<<<<

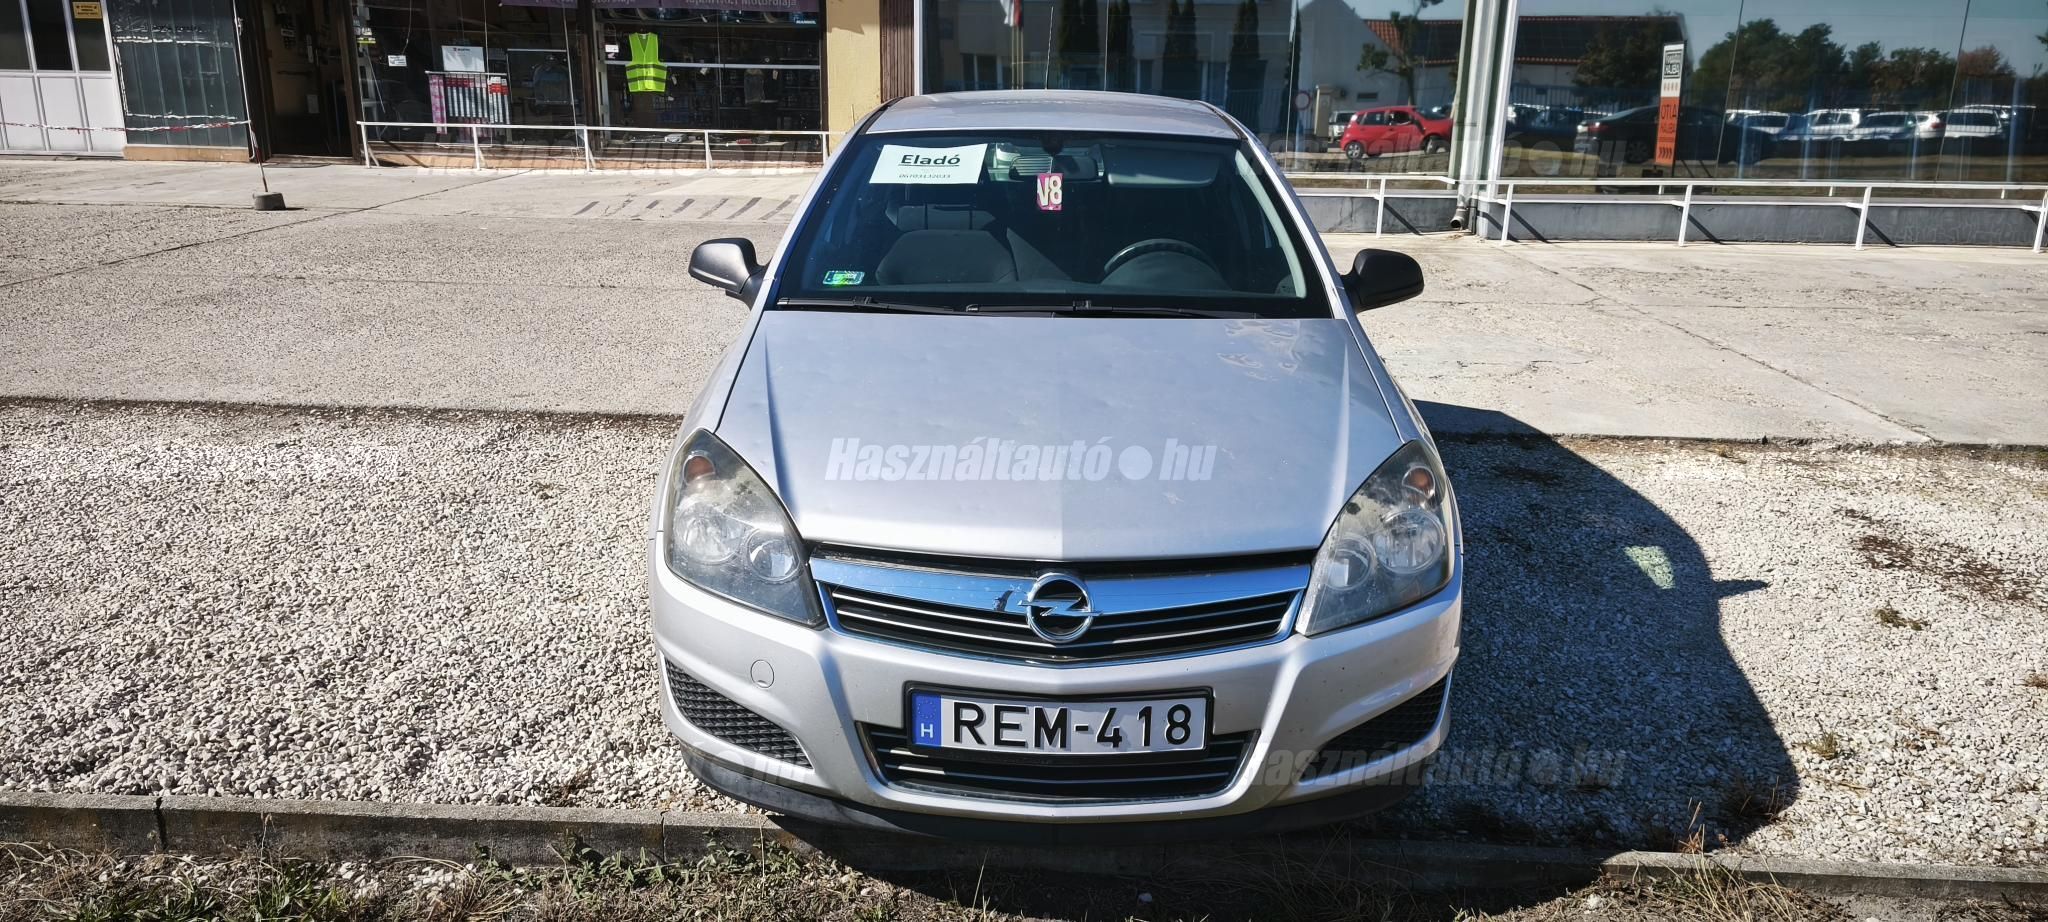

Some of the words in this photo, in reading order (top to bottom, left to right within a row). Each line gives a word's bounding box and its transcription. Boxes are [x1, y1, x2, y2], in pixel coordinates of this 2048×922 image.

[901, 154, 961, 165] Eladó
[1037, 175, 1062, 206] V8
[920, 723, 933, 738] H
[953, 701, 1192, 749] REM-418
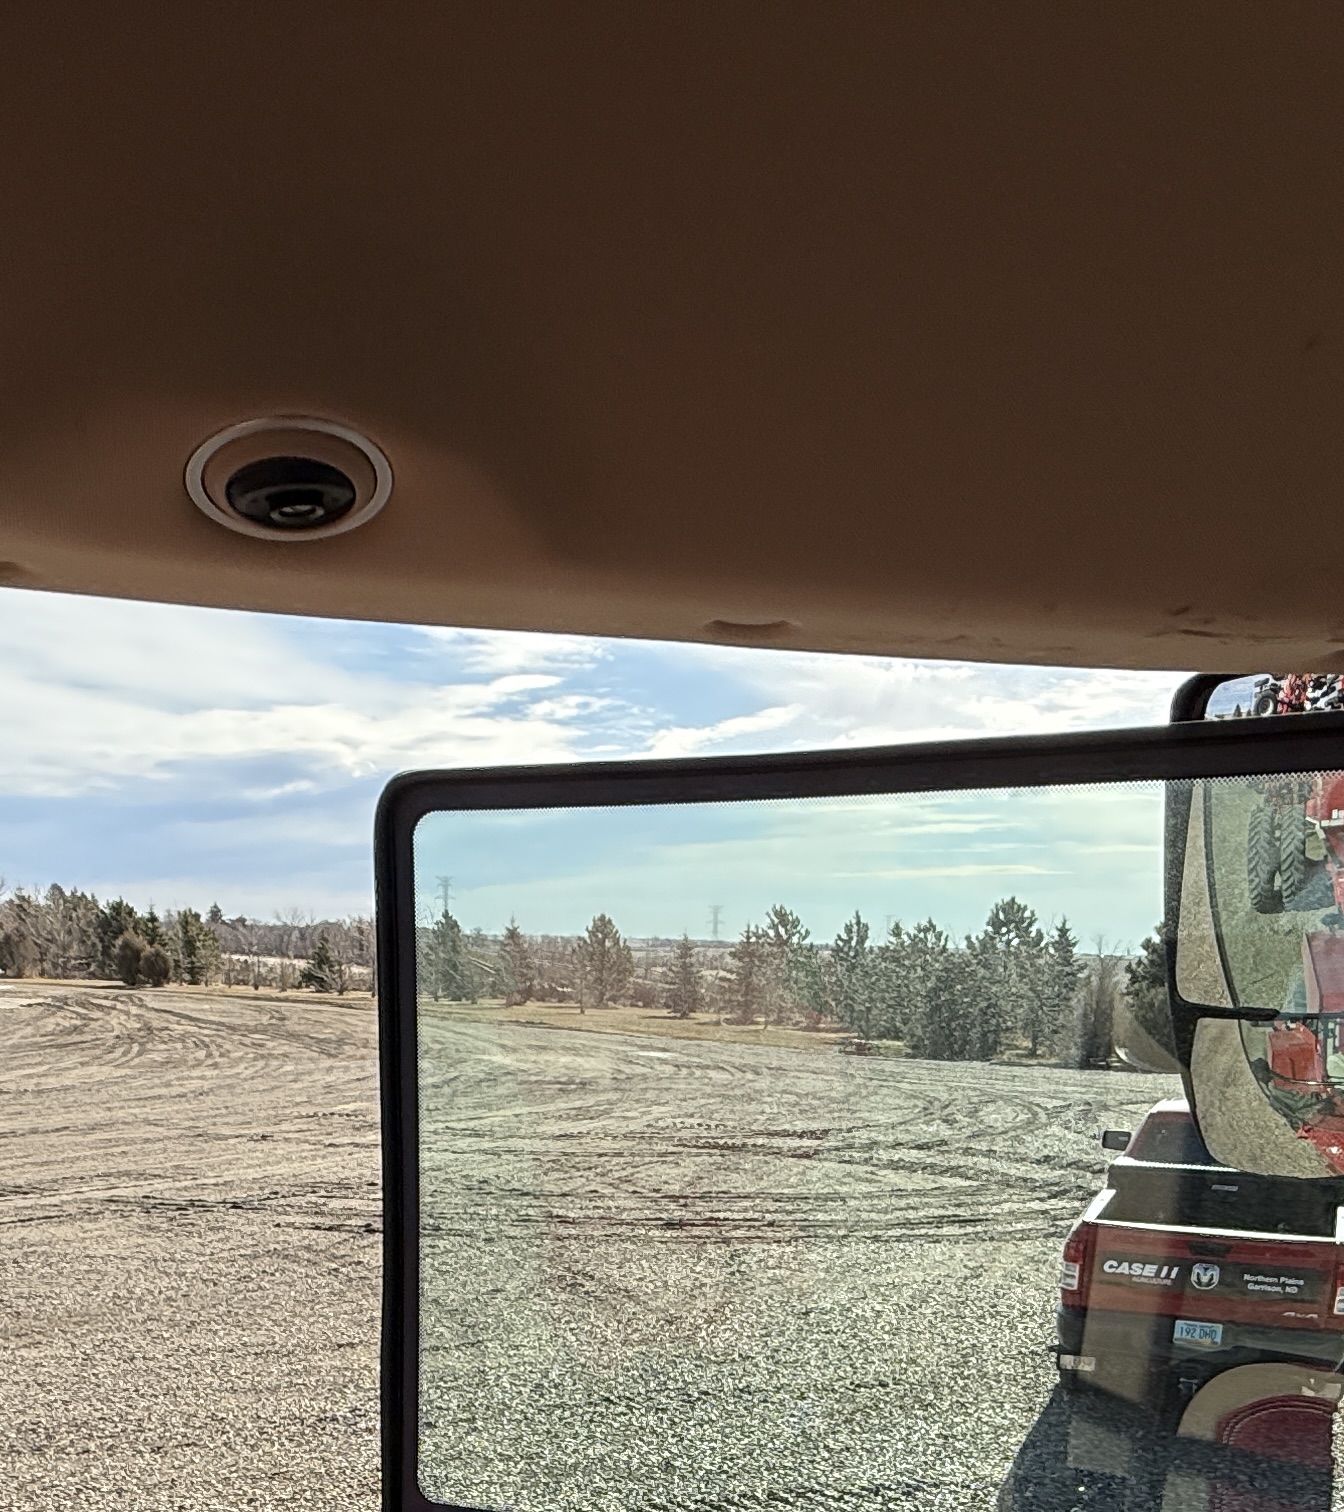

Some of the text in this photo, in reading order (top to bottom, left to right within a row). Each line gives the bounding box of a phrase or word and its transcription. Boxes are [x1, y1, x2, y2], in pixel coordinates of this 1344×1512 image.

[1103, 1260, 1159, 1277] CASE
[1243, 1273, 1278, 1283] Northern
[1180, 1327, 1197, 1339] 192
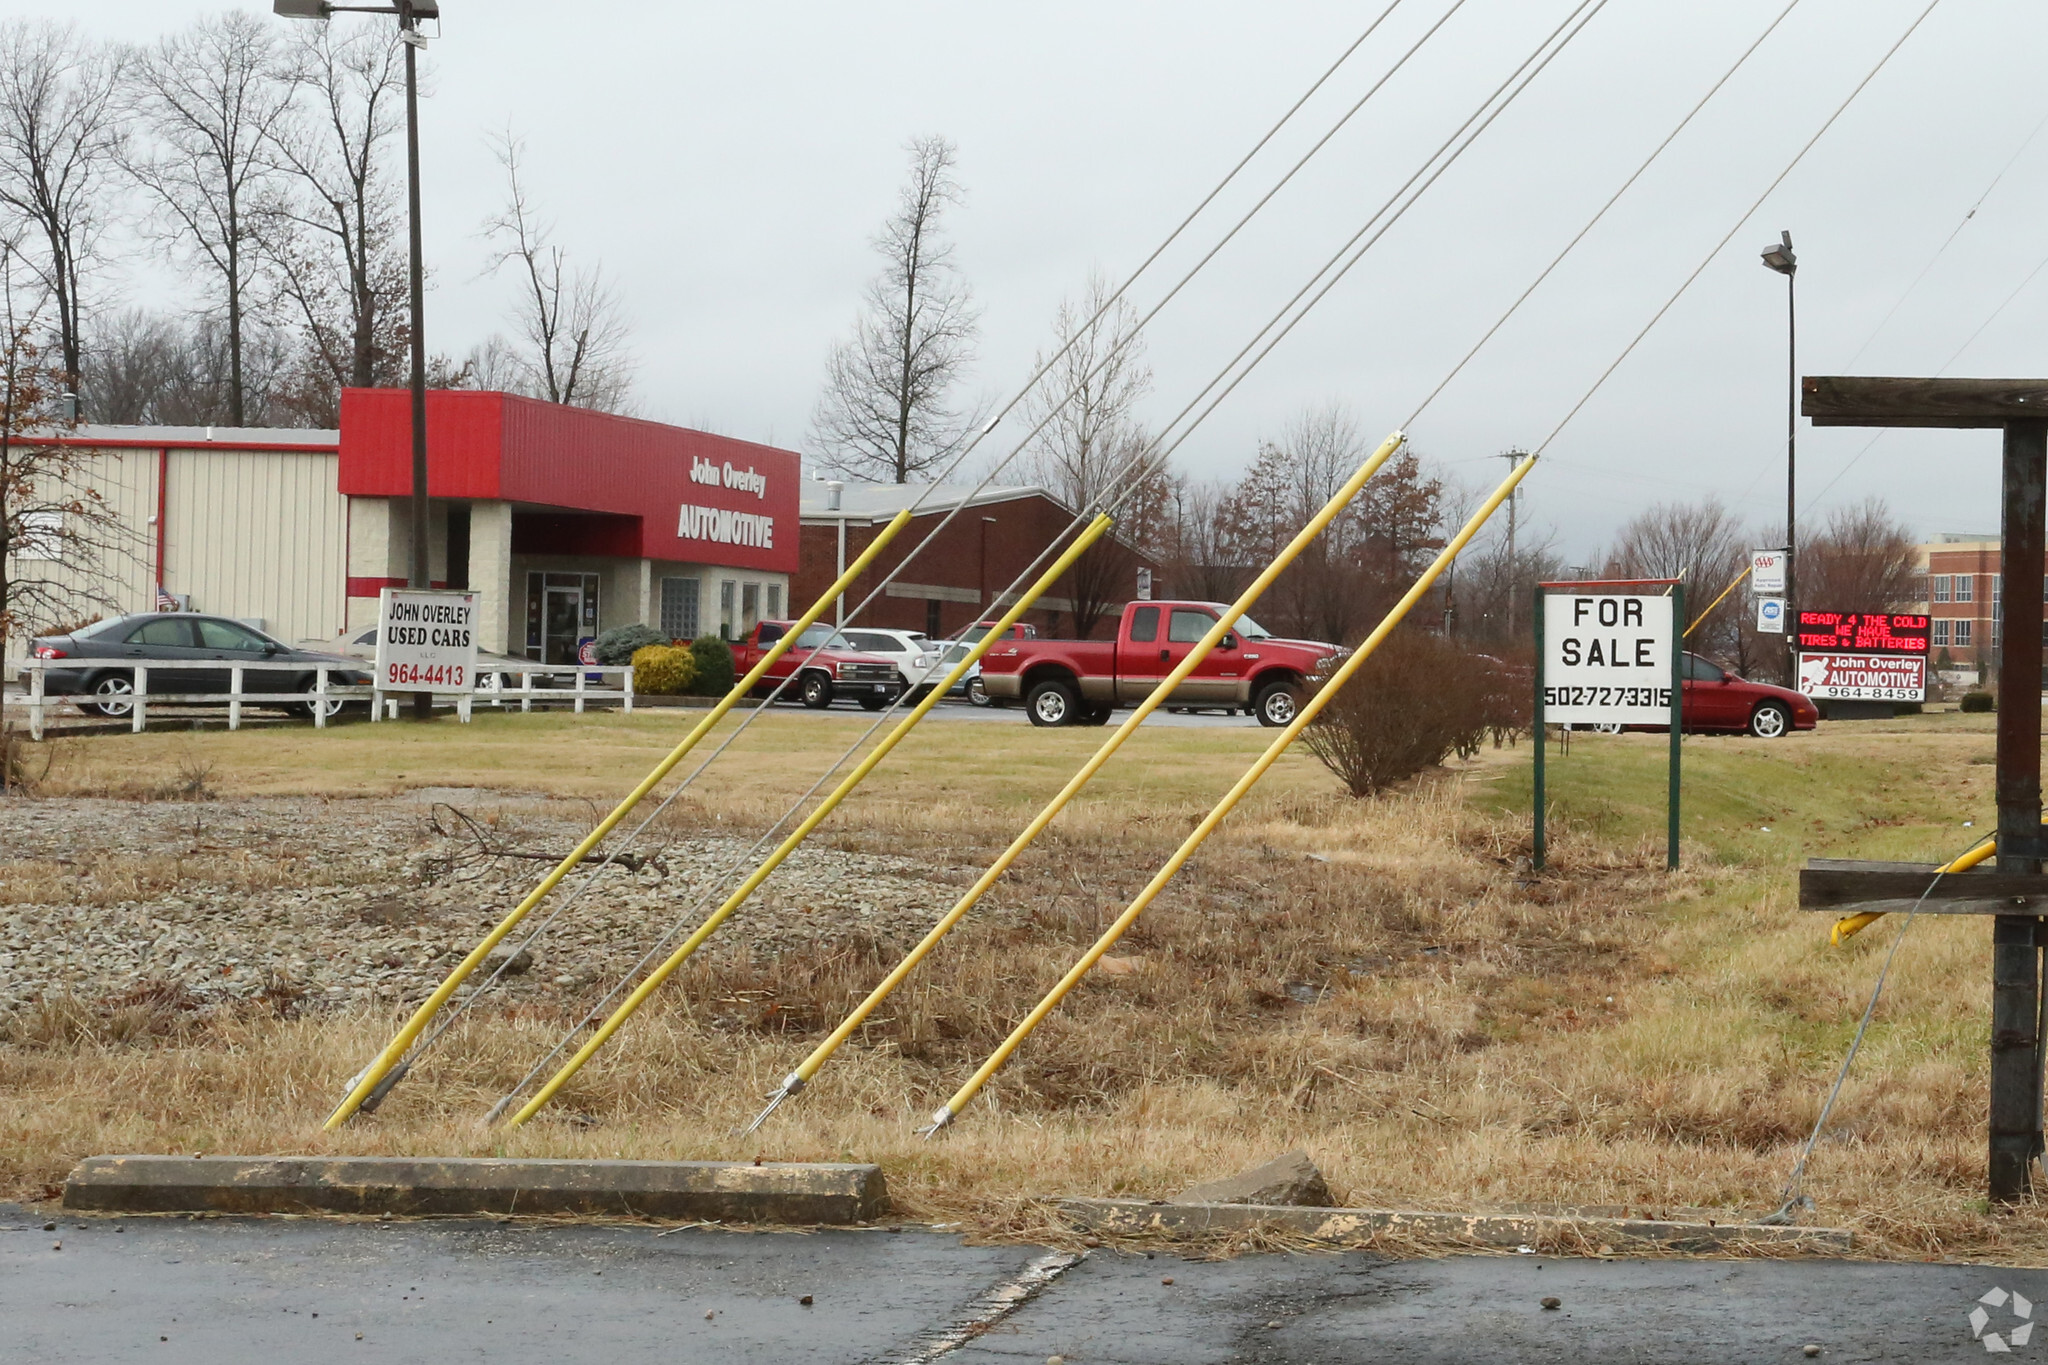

>>>>

• [What you need to do]: Leave the pictures out. Repeat every entry above exactly.

• [Answer section]:
Some of the words in this photo, in reading order (top to bottom, left to right within a row). Each line gives a word's bounding box and its transcription. Boxes are [x1, y1, x2, y2], in pixel coordinates of this 2048×922 image.

[901, 154, 961, 165] Eladó
[1037, 175, 1062, 206] V8
[920, 723, 933, 738] H
[953, 701, 1192, 749] REM-418

Some of the text in this photo, in reading order (top to bottom, left to right within a row). Each line gives the bounding box of a phrase or word and its transcription. Boxes are [x1, y1, x2, y2], in pixel coordinates of this 1344×1512 image.

[1103, 1260, 1159, 1277] CASE
[1243, 1273, 1278, 1283] Northern
[1180, 1327, 1197, 1339] 192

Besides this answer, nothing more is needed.